Realisasi Ancaman Iblis Kepada Adam a.s. dan Para Pengikutnya yang Hakiki



      Arti ayat ini amat jelas. Ayat ini bermaksud mengemukakan, bahwa apabila seorang nabi (rasul) Allah  ingin mencapai tujuannya   -- yaitu bila ia menyampaikan amanat kebenaran dan menginginkan supaya ke-Esa-an Ilahi dapat ditegakkan di muka bumi  --  orang-orang yang bersifat syaitan, berusaha menghambat majunya kebenaran, dengan meletakkan segala macam rintangan pada jalannya, sebagaimana yang diancamkan Iblis kepada Nabi Adam a.s. dan para pengikutnya  untuk menghadang mereka dengan  segala cara dari depan, dari belakang, dari kanan dan dari kiri (QS.7:12-18; QS.17:62-66).

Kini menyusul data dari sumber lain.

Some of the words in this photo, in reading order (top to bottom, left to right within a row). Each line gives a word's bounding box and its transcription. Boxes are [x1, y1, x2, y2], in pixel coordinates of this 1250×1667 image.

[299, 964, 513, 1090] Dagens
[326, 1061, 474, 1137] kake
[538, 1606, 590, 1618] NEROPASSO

Mereka ingin melihat misi suci Rasul Allah mengalami kegagalan.

     Tetapi mereka tidak dapat menghancurkan rencana Ilahi, dan  Allah Swt.  menghilangkan semua hambatan dan membuat tujuan kebenaran itu memperoleh keunggulan dan kemenangan, bagaimana pun hebatnya “makar buruk” yang mereka lancarkan (QS.3:55; QS.8:31;QS.13:43;  QS.14:47-48;QS,27:51-53).

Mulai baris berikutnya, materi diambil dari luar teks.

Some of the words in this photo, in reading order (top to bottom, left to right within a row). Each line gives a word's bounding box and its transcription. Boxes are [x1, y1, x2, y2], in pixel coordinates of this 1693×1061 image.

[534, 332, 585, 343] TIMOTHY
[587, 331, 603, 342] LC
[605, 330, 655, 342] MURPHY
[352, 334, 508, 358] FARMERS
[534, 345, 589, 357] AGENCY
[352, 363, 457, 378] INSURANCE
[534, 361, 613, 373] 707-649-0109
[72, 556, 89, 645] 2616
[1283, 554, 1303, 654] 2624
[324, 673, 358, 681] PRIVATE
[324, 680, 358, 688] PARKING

Surah Al-Hajj ayat  53 tersebut  mempunyai pengertian umum, yakni perbuatan buruk tersebut terjadi para semua rasul Allah, karena itu  tidak ada alasan untuk menyatakan  bahwa ayat ini khusus ditujukan kepada Nabi Besar Muhammad saw.        Tambahan pula tidak mungkin syaitan merusak kemurnian wahyu Al-Quran. Allah Swt.  menyatakan wajib atas diri-Nya Sendiri melindungi Al-Quran terhadap semua campur-tangan dan penyisipan (QS.15:10; QS.7:27-29), bahkan pendapat ilmiah para cendekiawan Kristen pun telah mempertahankan kebenaran pendakwaan Al-Quran tersebut.

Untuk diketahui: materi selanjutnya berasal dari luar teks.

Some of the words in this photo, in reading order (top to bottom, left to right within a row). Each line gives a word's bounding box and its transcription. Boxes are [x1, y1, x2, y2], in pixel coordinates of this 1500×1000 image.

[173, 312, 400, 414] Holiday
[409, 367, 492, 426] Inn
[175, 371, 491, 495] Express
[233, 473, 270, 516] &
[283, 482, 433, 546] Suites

   Ayat selanjutnya (54-55) mendukung penafsiran yang telah kami berikan mengenai  ayat yang sebelumnya. Tidak ada alasan untuk membenarkan kisah yang tidak mempunyai dasar yang sengaja dibuat-buat oleh sementara para ahli tafsir yang kurang paham  sehubungan dengan ayat ini.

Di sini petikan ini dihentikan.